[Free-text object descriptions]
# # #
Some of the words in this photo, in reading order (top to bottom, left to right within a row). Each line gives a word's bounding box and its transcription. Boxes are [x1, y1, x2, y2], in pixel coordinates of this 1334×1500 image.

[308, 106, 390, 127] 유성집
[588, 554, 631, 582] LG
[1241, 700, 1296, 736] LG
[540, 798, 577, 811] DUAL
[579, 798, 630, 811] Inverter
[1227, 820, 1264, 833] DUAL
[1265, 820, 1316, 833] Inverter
# # #
### [PROBLEM DESCRIPTION]
What is needed is an exact transcription of every record above.

### [EXERCISE SOLUTION]
Some of the words in this photo, in reading order (top to bottom, left to right within a row). Each line gives a word's bounding box and its transcription. Boxes are [x1, y1, x2, y2], in pixel coordinates of this 1334×1500 image.

[308, 106, 390, 127] 유성집
[588, 554, 631, 582] LG
[1241, 700, 1296, 736] LG
[540, 798, 577, 811] DUAL
[579, 798, 630, 811] Inverter
[1227, 820, 1264, 833] DUAL
[1265, 820, 1316, 833] Inverter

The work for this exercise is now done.